━━━ MATERIAL SUPPLIED
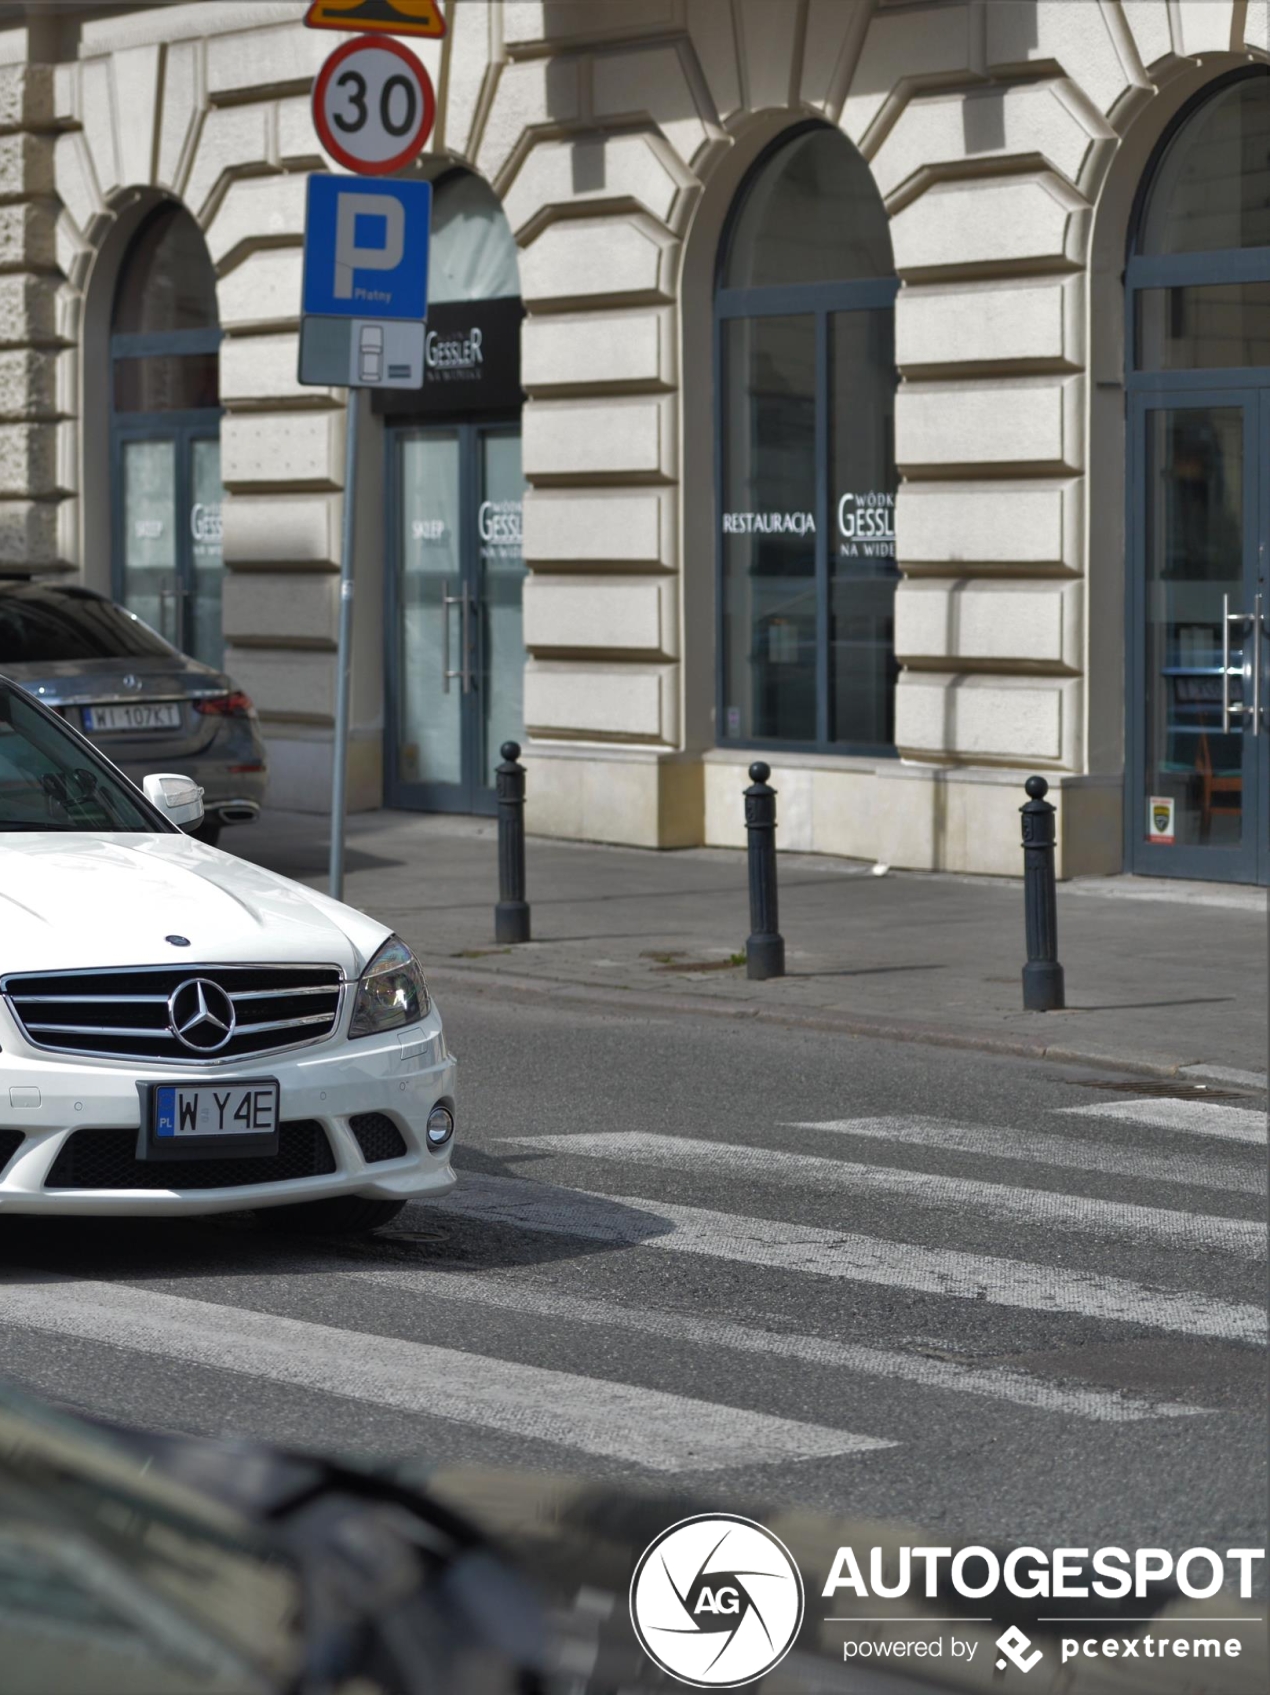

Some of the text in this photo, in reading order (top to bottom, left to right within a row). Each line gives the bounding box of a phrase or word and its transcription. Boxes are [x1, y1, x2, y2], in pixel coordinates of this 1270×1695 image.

[333, 70, 416, 137] 30
[333, 191, 406, 299] P
[723, 512, 816, 538] RESTAURACJA
[841, 543, 858, 557] NA
[159, 1117, 173, 1129] PL
[179, 1091, 273, 1131] W Y4E
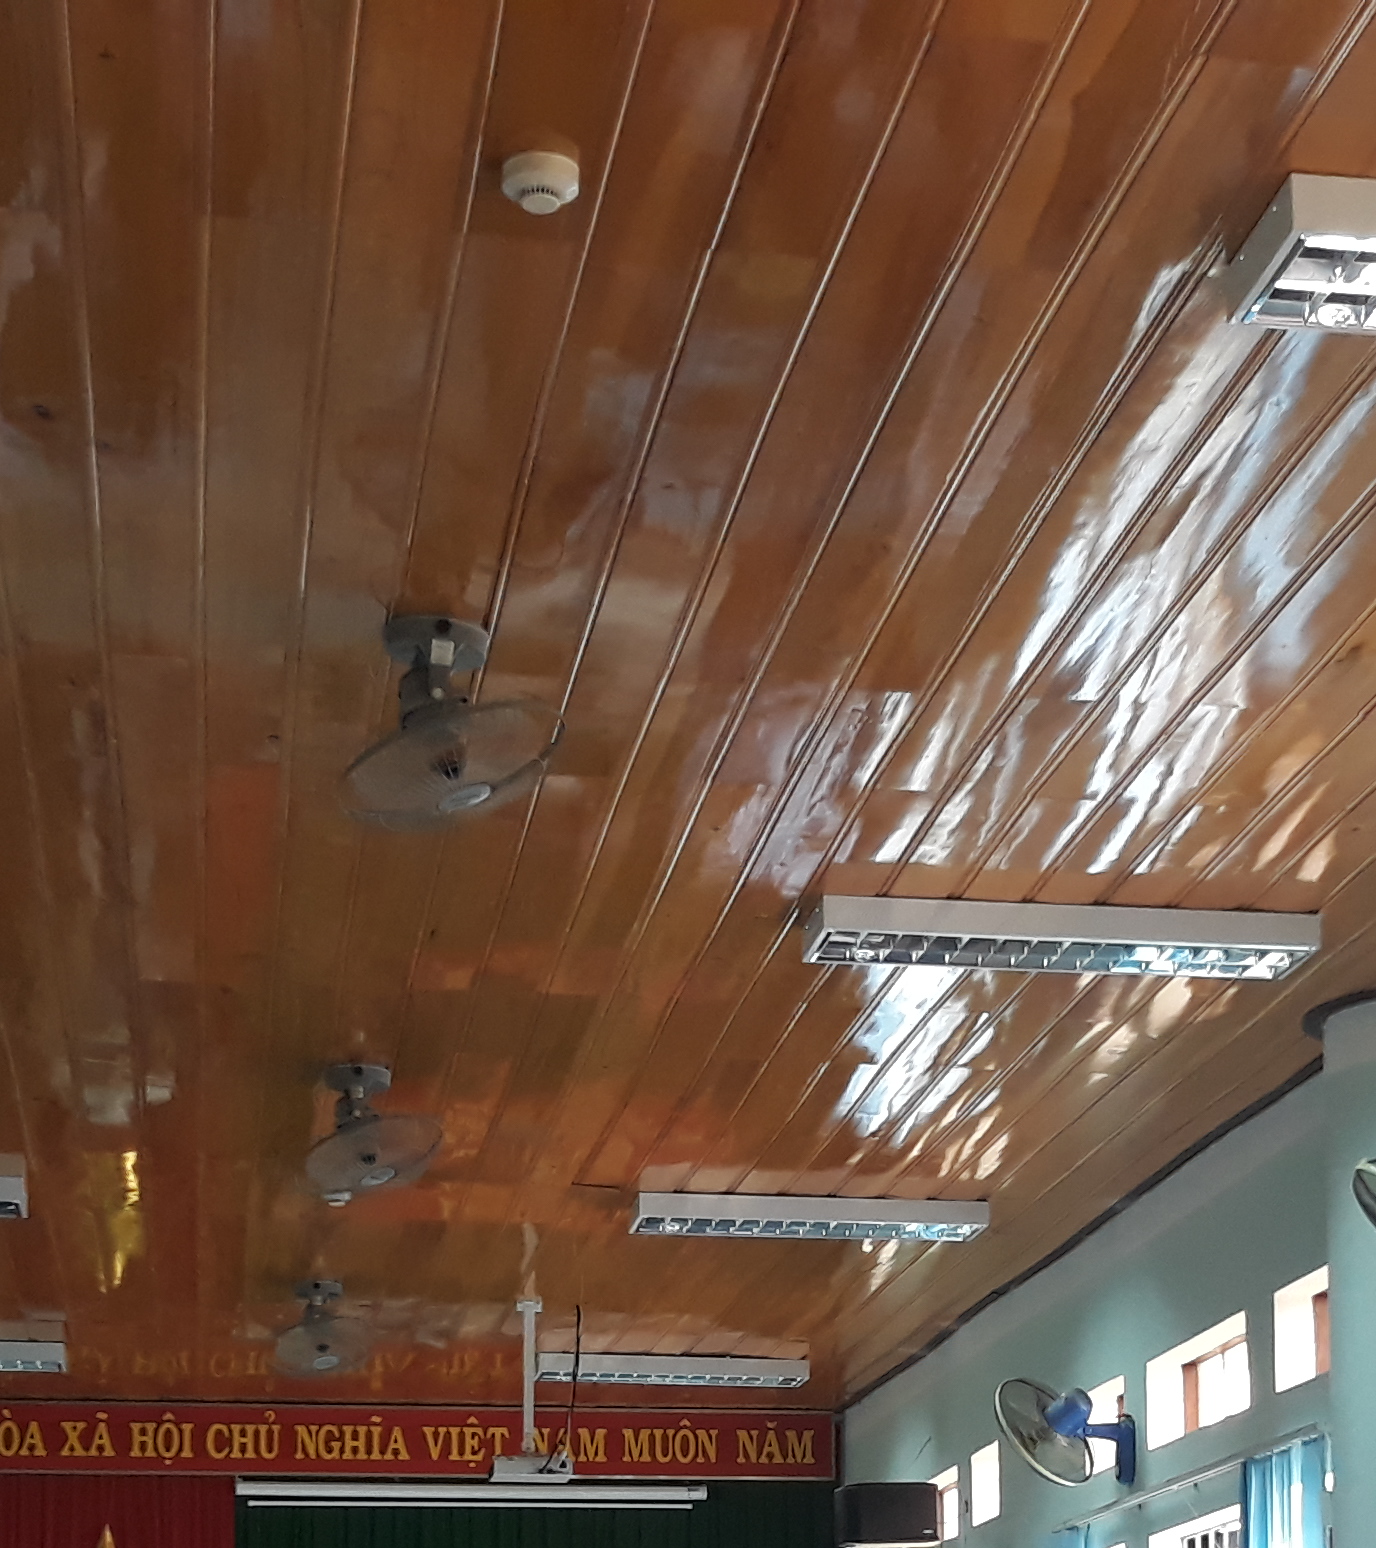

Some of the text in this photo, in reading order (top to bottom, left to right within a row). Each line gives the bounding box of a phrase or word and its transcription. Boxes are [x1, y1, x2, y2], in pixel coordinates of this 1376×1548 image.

[129, 1411, 194, 1465] HỘI
[206, 1410, 281, 1459] CHỦ
[294, 1415, 411, 1460] NGHĨA
[422, 1416, 510, 1467] VIỆT
[622, 1418, 719, 1463] MUÔN
[736, 1420, 816, 1464] NĂM
━━━━━━
* [WHAT IS EXPECTED] Repeat all of the listing above word for word, and exclude the pictures.

* [OUTPUT]
Some of the text in this photo, in reading order (top to bottom, left to right within a row). Each line gives the bounding box of a phrase or word and its transcription. Boxes are [x1, y1, x2, y2], in pixel coordinates of this 1270×1695 image.

[333, 70, 416, 137] 30
[333, 191, 406, 299] P
[723, 512, 816, 538] RESTAURACJA
[841, 543, 858, 557] NA
[159, 1117, 173, 1129] PL
[179, 1091, 273, 1131] W Y4E

Some of the text in this photo, in reading order (top to bottom, left to right within a row). Each line gives the bounding box of a phrase or word and its transcription. Boxes are [x1, y1, x2, y2], in pixel coordinates of this 1376×1548 image.

[129, 1411, 194, 1465] HỘI
[206, 1410, 281, 1459] CHỦ
[294, 1415, 411, 1460] NGHĨA
[422, 1416, 510, 1467] VIỆT
[622, 1418, 719, 1463] MUÔN
[736, 1420, 816, 1464] NĂM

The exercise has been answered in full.